EXERCISE GOAL: Go through the entries and copy each one exactly. Leave none out.
*** DATA UNDER STUDY
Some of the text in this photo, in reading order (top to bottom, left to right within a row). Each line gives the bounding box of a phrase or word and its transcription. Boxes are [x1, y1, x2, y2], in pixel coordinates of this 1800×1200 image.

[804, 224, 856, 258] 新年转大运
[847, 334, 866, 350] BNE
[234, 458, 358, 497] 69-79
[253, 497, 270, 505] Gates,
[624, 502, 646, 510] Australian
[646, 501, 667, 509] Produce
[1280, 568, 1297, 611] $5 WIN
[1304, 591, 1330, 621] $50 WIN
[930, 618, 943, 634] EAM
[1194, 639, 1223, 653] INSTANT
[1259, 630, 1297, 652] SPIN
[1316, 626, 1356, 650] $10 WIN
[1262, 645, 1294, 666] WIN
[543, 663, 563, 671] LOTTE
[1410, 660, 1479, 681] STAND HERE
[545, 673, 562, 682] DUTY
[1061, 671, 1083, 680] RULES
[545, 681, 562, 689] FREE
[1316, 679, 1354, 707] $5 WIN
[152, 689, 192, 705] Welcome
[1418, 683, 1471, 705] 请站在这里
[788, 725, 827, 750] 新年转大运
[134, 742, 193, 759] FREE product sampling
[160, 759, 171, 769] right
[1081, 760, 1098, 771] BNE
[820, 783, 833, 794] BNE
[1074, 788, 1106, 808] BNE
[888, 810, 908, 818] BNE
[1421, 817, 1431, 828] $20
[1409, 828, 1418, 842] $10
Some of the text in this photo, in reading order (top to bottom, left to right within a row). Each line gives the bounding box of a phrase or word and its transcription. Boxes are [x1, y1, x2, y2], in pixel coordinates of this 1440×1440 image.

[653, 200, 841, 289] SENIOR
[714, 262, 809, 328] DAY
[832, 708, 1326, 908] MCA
******
SOLUTION TO THIS TASK:
Some of the text in this photo, in reading order (top to bottom, left to right within a row). Each line gives the bounding box of a phrase or word and its transcription. Boxes are [x1, y1, x2, y2], in pixel coordinates of this 1800×1200 image.

[804, 224, 856, 258] 新年转大运
[847, 334, 866, 350] BNE
[234, 458, 358, 497] 69-79
[253, 497, 270, 505] Gates,
[624, 502, 646, 510] Australian
[646, 501, 667, 509] Produce
[1280, 568, 1297, 611] $5 WIN
[1304, 591, 1330, 621] $50 WIN
[930, 618, 943, 634] EAM
[1194, 639, 1223, 653] INSTANT
[1259, 630, 1297, 652] SPIN
[1316, 626, 1356, 650] $10 WIN
[1262, 645, 1294, 666] WIN
[543, 663, 563, 671] LOTTE
[1410, 660, 1479, 681] STAND HERE
[545, 673, 562, 682] DUTY
[1061, 671, 1083, 680] RULES
[545, 681, 562, 689] FREE
[1316, 679, 1354, 707] $5 WIN
[152, 689, 192, 705] Welcome
[1418, 683, 1471, 705] 请站在这里
[788, 725, 827, 750] 新年转大运
[134, 742, 193, 759] FREE product sampling
[160, 759, 171, 769] right
[1081, 760, 1098, 771] BNE
[820, 783, 833, 794] BNE
[1074, 788, 1106, 808] BNE
[888, 810, 908, 818] BNE
[1421, 817, 1431, 828] $20
[1409, 828, 1418, 842] $10
Some of the text in this photo, in reading order (top to bottom, left to right within a row). Each line gives the bounding box of a phrase or word and its transcription. Boxes are [x1, y1, x2, y2], in pixel coordinates of this 1440×1440 image.

[653, 200, 841, 289] SENIOR
[714, 262, 809, 328] DAY
[832, 708, 1326, 908] MCA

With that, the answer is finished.